Briefing Business Standard the Director of the Aeronautical Development Agency (ADA), P Subramanyam, who runs the LCA programme, admits that nobody realized that setting up a production line was a technology by itself. So far, ADA and HAL have built only Tejas prototypes and limited-series aircraft, producing individual parts one-by-one like a tailor making a suit. When HAL graduated to a standardised production line, it encountered serious difficulties.
“ADA and HAL have realized that creating a production line needs major effort… That realization has come,” says Subramanyam.
So serious are the difficulties, that ADA and HAL approached foreign aircraft manufacturers last year --- including Eurofighter GmbH, which builds the Typhoon. The proposal to appoint a foreign consultant for the Tejas production line remains alive in the MoD.
Senior IAF officers express frustration that HAL has failed to set up a Tejas assembly line, even though its primary activity for the preceding decades has been to build foreign aircraft on an assembly line under licence.
Air Marshal Pranab K Barbora, who retired as the IAF vice chief two years ago, summarises the air force’s viewpoint: “HAL’s assembly line expertise is outdated by at least three decades. They have done nothing to upgrade their technology. Setting up a modern assembly line for the Tejas is far beyond HAL’s capabilities.”

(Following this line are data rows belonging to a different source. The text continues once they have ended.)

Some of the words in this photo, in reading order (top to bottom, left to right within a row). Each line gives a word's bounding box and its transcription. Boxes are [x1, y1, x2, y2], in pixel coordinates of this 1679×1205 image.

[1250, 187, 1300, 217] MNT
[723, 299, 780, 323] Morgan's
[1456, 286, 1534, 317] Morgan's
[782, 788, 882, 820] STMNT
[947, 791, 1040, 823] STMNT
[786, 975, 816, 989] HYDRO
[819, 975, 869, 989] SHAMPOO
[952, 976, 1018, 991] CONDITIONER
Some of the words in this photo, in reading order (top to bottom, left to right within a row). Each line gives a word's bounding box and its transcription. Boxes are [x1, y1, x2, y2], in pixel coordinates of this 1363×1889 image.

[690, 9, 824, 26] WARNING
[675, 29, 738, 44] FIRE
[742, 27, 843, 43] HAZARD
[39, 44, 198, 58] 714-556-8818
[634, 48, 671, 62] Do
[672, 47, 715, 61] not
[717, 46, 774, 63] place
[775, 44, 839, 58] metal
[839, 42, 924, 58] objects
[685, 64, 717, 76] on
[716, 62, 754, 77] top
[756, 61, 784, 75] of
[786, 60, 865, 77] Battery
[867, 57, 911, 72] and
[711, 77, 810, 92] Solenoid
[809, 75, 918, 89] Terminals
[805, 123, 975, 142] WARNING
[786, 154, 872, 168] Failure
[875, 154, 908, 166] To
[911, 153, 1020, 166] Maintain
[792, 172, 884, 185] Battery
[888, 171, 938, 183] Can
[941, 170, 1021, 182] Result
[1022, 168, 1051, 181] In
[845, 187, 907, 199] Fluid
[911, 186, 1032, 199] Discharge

Barbora says that this is why the IAF lobbied hard to post a serving air marshal as HAL chief. Instead, the MoD appointed RK Tyagi, who has absolutely no experience in aeronautical development or manufacture.
Contacted repeatedly for comments, Tyagi did not respond to calls.
 
ADA is defending HAL, with Subramanyam insisting that HAL would build the first 20 Tejas within 2½ to 3 years. By then the fighter would have obtained final operational clearance (FOC) in its flight-testing programme and production can begin of the next 20 Tejas (which must be built to FOC standards).
This, says Subramanyam will take another 2½ years, i.e. be completed in 2018. By then, the Tejas Mark II will be tested and ready, and can enter series production.
What the ADA chief does not explain is: how will HAL, which cannot yet build even two Tejas fighters per year, build 20 fighters over the next three years.
The annual general meeting on Friday of ADA (which is a registered society under the MoD) was also clouded by delays in flight-testing, which Business Standard has reported will delay the initial operational clearance (IOC) of the Tejas until mid-2013 at the earliest.
For the IAF, which contemplates dangerously depleted squadron numbers, the big question is: when will the first two Tejas squadrons become operational?
Going by the lack of energy in HAL --- which is struggling to build the last two limited series fighters and the first two series production Tejas ---  the IAF might have a longer wait than it is comfortable with.